Además se procede a la unificación de funciones de S.O.E.V. y E.M. (Orientaciones para el funcionamiento de Equipos Psicopedagógicos, Enero de 1986) planteando funciones generales en el sector, funciones en centros ordinarios y funciones específicas (Centros de Integración, Centros de Educación Especial…), un conjunto de prioridades (integración, atención a familias, diagnóstico, prevención y fracaso escolar) y un modelo de organización y funcionamiento (sectorización, plan de trabajo…).
Las líneas generales de estas orientaciones resaltan los aspectos de apoyo a alumnos y centros de integración, en general de atención individual y asesoramiento a centros, sólo en escasa medida menciona aspectos de "orientación" y no recoge más que muy parcialmente las aportaciones preventivas o sociocomunitarias tan abundantes en los documentos elaborados por los propios Equipos por la misma época; a partir de ese momento se produce una unificación funcional, pero aún no de los aspectos administrativo-laborales, de los equipos ministeriales.
Con la puesta en marcha de la L.O.G.S.E. (1990) se va perfilando el modelo que la administración educativa plantea para la intervención psicopedagógica y la orientación educativa, contemplándose dos niveles de actuación profesional; por un lado los Departamentos de Orientación en Educación Secundaria como apoyo técnico a la labor tutorial del profesor y recurso profesional de la orientación en el centro, con funciones referidas al propio centro, al alumnado, al profesorado, familias y otras instituciones; y por otro lado los Equipos de sector para facilitar a los centros de Educación Primaria una asistencia y apoyo técnico de naturaleza didáctica, psicológica, social y organizativa, además de funciones específicas de ámbito sectorial. También existen Equipos Específicos (Autismo, Sordos, Ciegos, Motóricos) de ámbito provincial y Equipos de Atención Temprana (que cubren la etapa de Educación Infantil).

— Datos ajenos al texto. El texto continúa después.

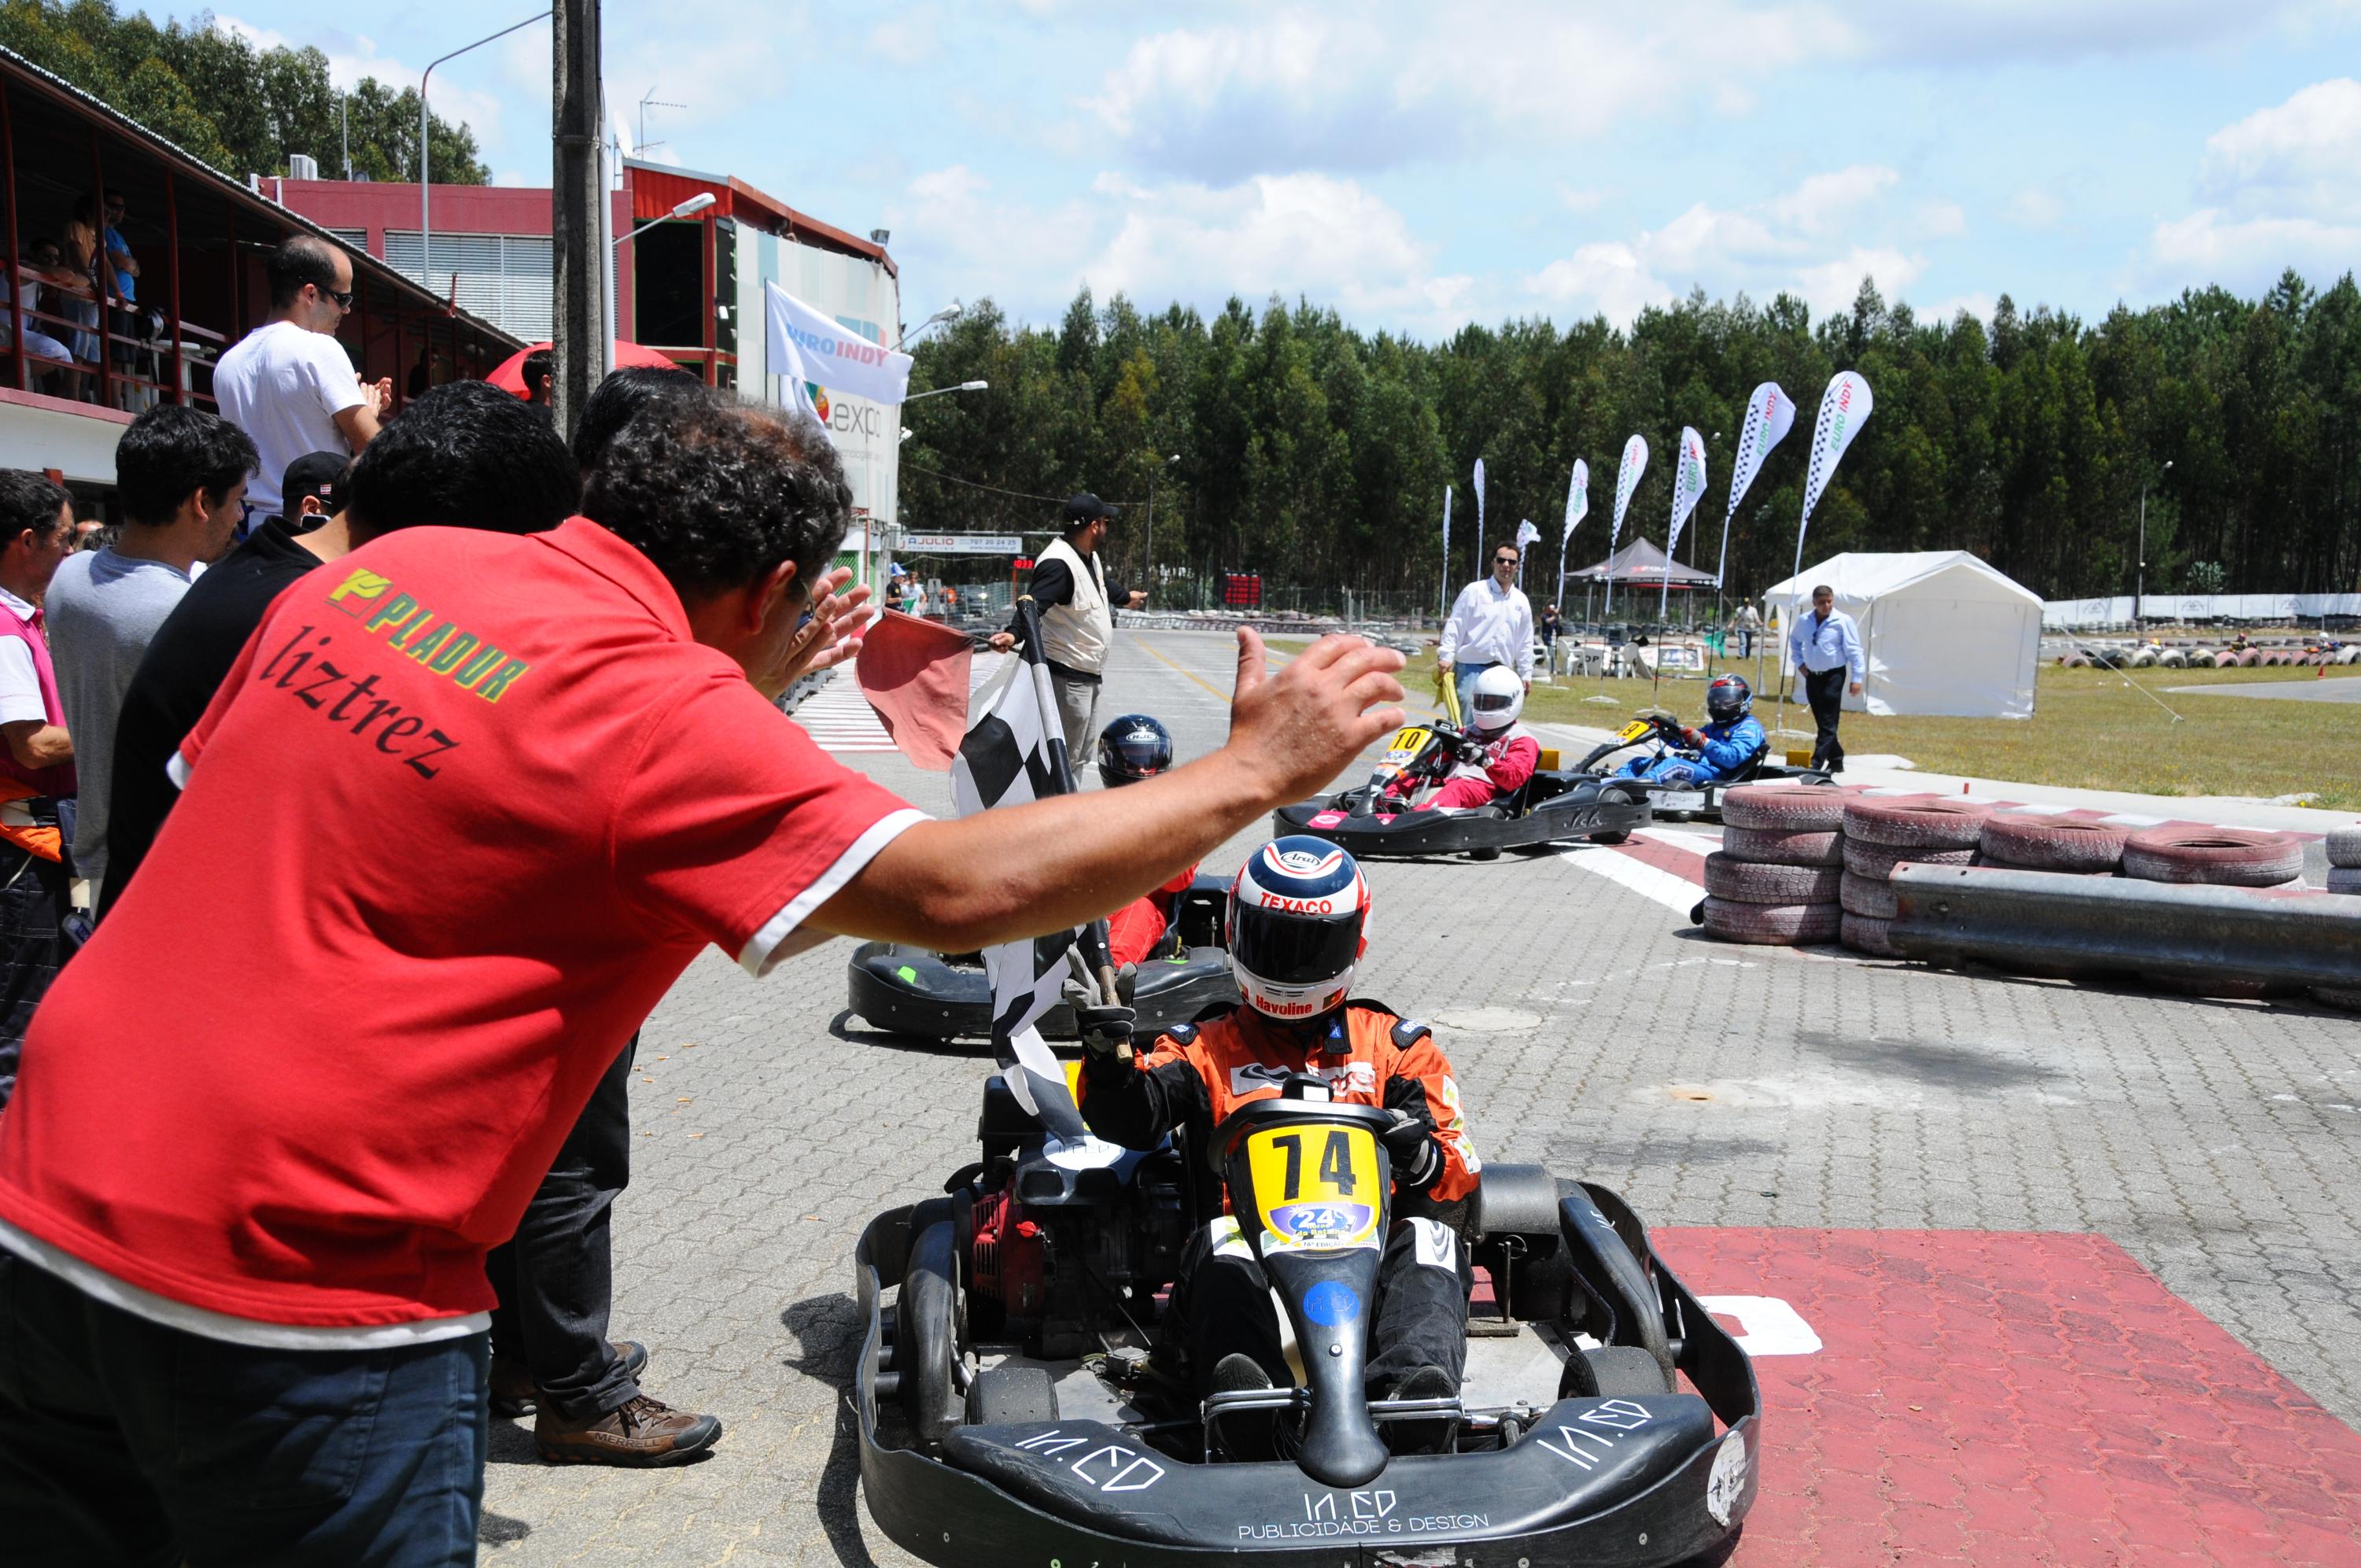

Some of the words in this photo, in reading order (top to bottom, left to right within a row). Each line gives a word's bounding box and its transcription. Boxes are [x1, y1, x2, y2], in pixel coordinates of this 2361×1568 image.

Con el fin de cubrir las plazas de profesionales en los Departamentos de Orientación de los Institutos de Educación Secundaria y en los Equipos de Orientación Educativa y Psicopedagógica (E.O.E.P., nuevo y enésimo nombre de los Equipos de Sector del M.E.C.) se crea en 1991 la especialidad de Psicología y Pedagogía dentro del cuerpo de profesores de Educación Secundaria de carácter estatal (aunque la convocatoria de plazas en las Comunidades Autónomas con competencias educativas es prerrogativa de dichas comunidades) y se producen sucesivas convocatorias tanto centrales como autonómicas hasta desembocar en los más de 2000 miembros de dicha especialidad en 1997, de los cuáles aproximadamente la mitad son psicólogos.